_DATASET ENTRIES_.
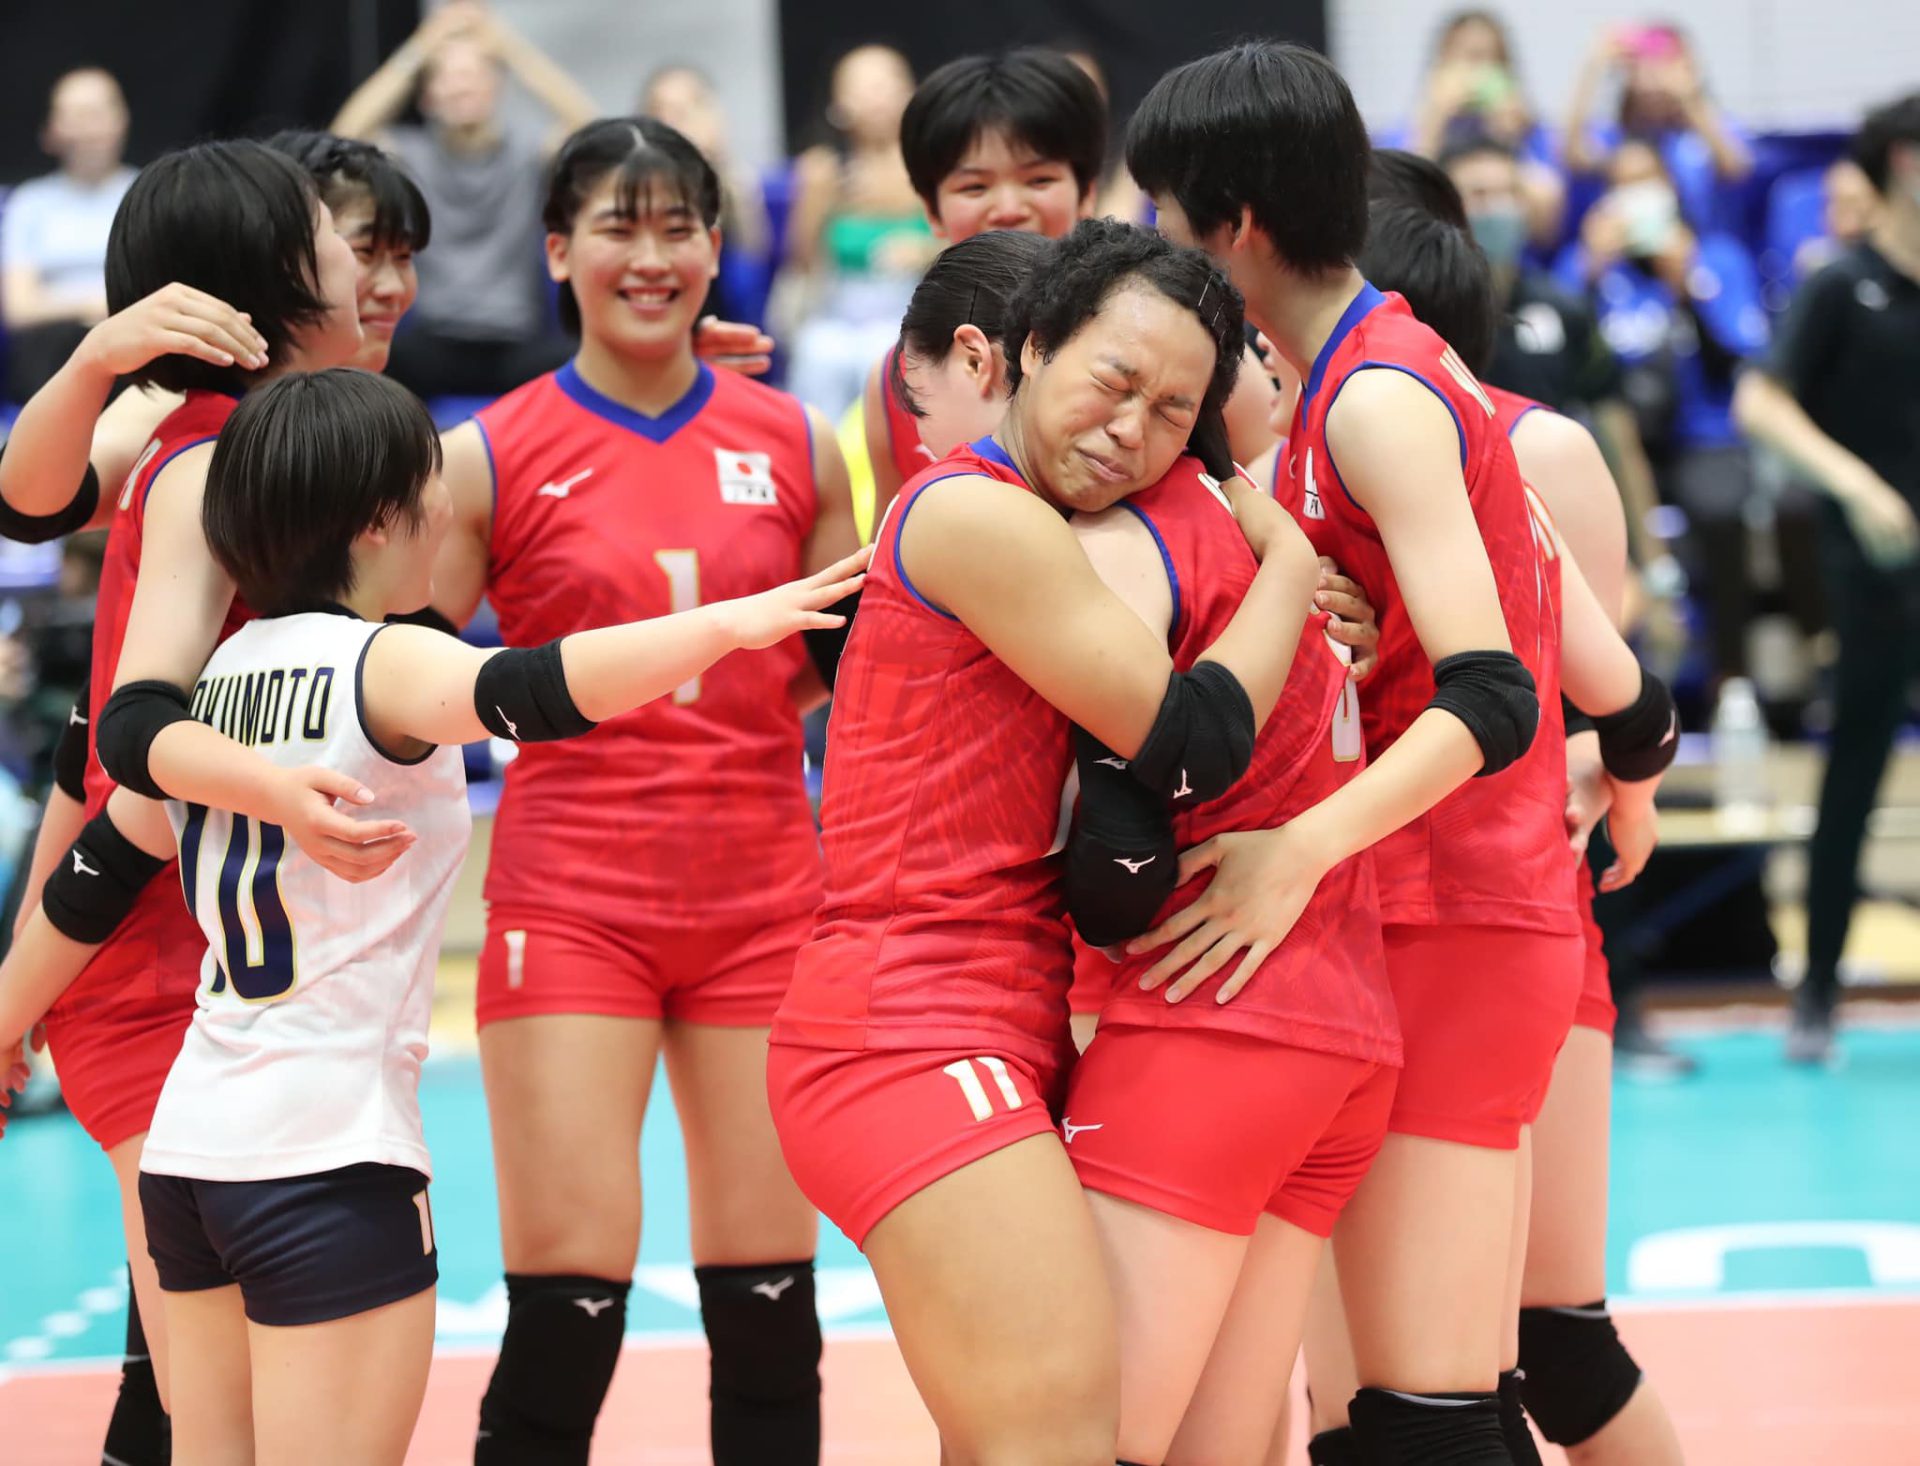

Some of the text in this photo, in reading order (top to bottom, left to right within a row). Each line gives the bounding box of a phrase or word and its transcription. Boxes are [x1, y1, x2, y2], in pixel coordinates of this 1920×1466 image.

[654, 548, 701, 707] 1
[503, 929, 526, 989] 1
[943, 1055, 1023, 1123] 11
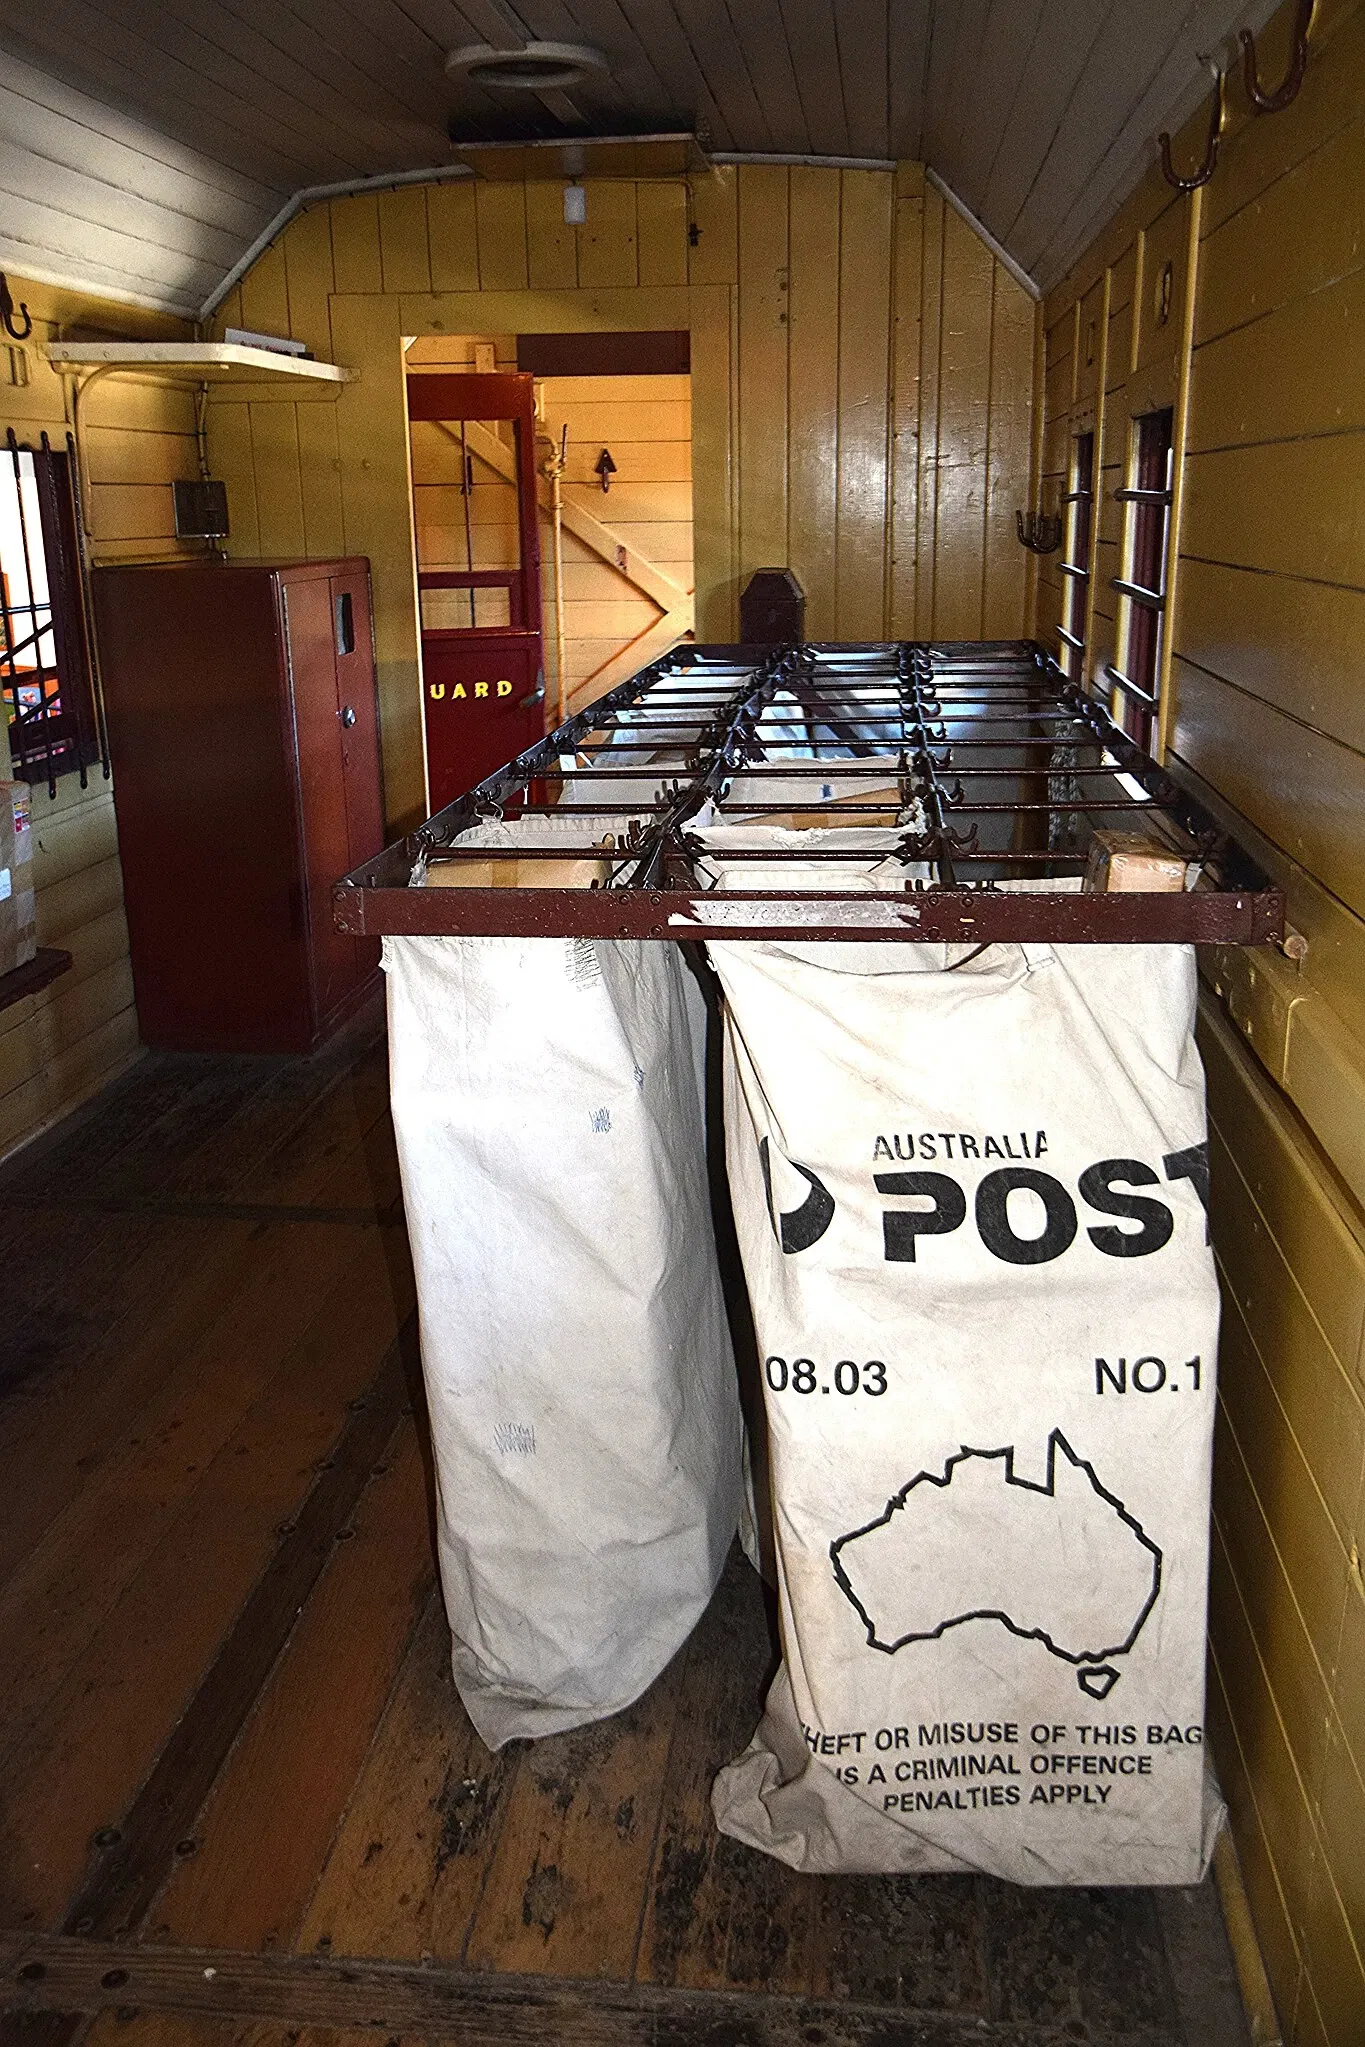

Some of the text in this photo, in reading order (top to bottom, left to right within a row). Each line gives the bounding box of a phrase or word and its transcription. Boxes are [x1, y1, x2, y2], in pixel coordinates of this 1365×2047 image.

[429, 680, 513, 700] UARD
[873, 1130, 1049, 1162] AUSTRALIA
[765, 1356, 889, 1396] 08.03
[1095, 1356, 1201, 1395] NO.1
[800, 1721, 1202, 1756] HEFT OR MISUSE OF THIS BAG
[835, 1753, 1152, 1786] IS A CRIMINAL OFFENCE
[883, 1784, 1112, 1812] PENALTIES APPLY
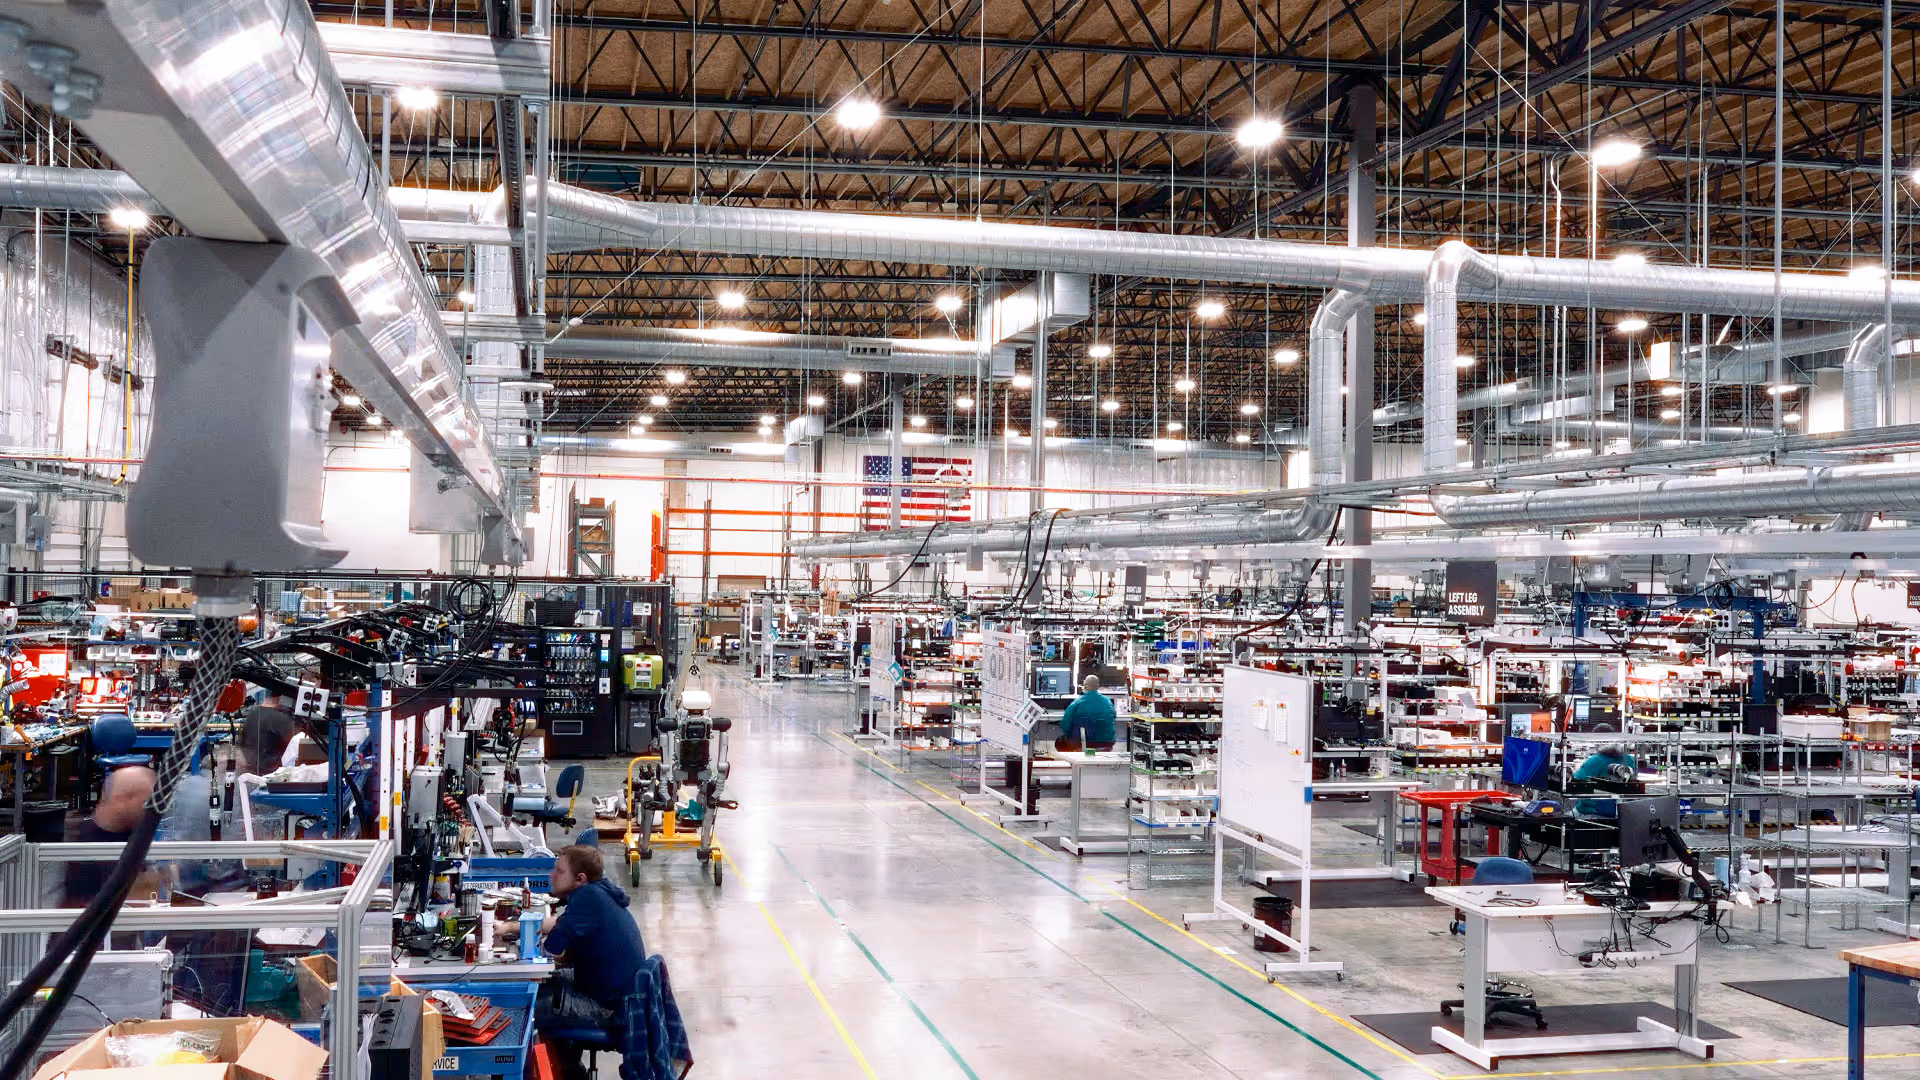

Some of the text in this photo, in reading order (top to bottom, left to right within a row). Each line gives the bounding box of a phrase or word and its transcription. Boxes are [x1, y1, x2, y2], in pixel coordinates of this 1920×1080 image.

[1448, 592, 1478, 603] LEFT LEG
[1448, 604, 1485, 616] ASSEMBLY

_EXERCISE DESCRIPTION_. Please copy out each line above exactly as written, but not the pictures.

_RESULT OF THIS TASK_.
Some of the text in this photo, in reading order (top to bottom, left to right within a row). Each line gives the bounding box of a phrase or word and its transcription. Boxes are [x1, y1, x2, y2], in pixel coordinates of this 1920×1466 image.

[654, 548, 701, 707] 1
[503, 929, 526, 989] 1
[943, 1055, 1023, 1123] 11

Some of the text in this photo, in reading order (top to bottom, left to right within a row). Each line gives the bounding box of a phrase or word and its transcription. Boxes are [x1, y1, x2, y2], in pixel coordinates of this 1365×2047 image.

[429, 680, 513, 700] UARD
[873, 1130, 1049, 1162] AUSTRALIA
[765, 1356, 889, 1396] 08.03
[1095, 1356, 1201, 1395] NO.1
[800, 1721, 1202, 1756] HEFT OR MISUSE OF THIS BAG
[835, 1753, 1152, 1786] IS A CRIMINAL OFFENCE
[883, 1784, 1112, 1812] PENALTIES APPLY

Some of the text in this photo, in reading order (top to bottom, left to right within a row). Each line gives the bounding box of a phrase or word and its transcription. Boxes are [x1, y1, x2, y2], in pixel coordinates of this 1920×1080 image.

[1448, 592, 1478, 603] LEFT LEG
[1448, 604, 1485, 616] ASSEMBLY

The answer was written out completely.